Car title loans have a bad reputation, but they can be useful if used responsibility. These loans are made to people who are willing to put up the title to their car for collateral. While they usually have high fees and interest rates associated with them, they can be a good idea in some situations.
People who turn to title loans are usually in a position where they need cash for an emergency expense. In general, these loans are made to people who do not have another source of credit to turn to. Although the title loan company will take the car title as collateral, meaning that the title loan company will own the borrower’s car if the loan is not repaid, the fact that the borrower cannot obtain credit from any other source makes the borrower a high credit risk.
Because of this, auto title loans are usually made at a much higher interest rate than other types of loans. To an outside observer, this can seem as if these loans are scams, but in fact the high interest rate is a way for the loan company to compensate for the high risk they take on when making these loans. Nonetheless, it is generally recommended that consumers only use these loans as a last resort.

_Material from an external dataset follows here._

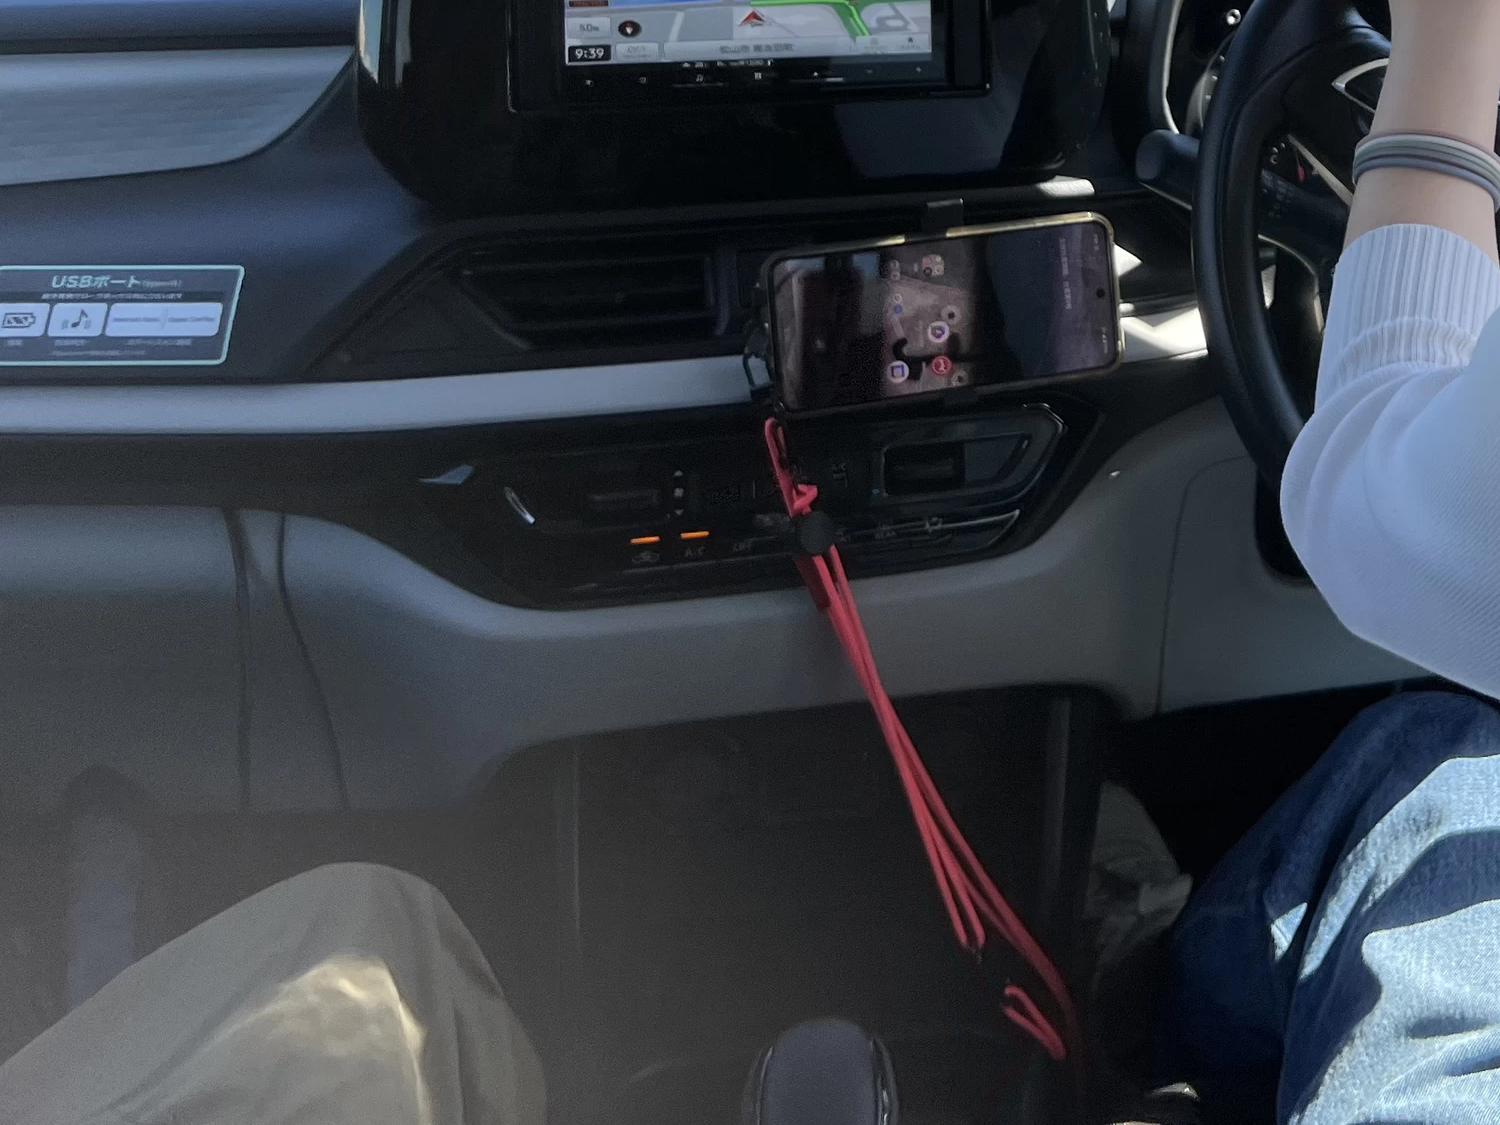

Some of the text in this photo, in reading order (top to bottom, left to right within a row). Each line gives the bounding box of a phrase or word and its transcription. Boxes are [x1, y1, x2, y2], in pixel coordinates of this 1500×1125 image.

Taking on a title loan can be a good idea if you know you will be able to pay it off quickly. To do this, start by making a budget and figuring in the loan payments into the bills that have to be paid every month. Many people choose to pay off the loans quicker by picking up extra hours or a second job. Other people are able to make their payments by cutting back on expenses.
Car title loans work out well for people who have a plan for how to pay them off. In fact, most people only get in trouble with these loans when they are unable to make their payments and end up in a cycle where they must continue to renew the loan (and pay more fees) while they figure out how to get the loan paid off.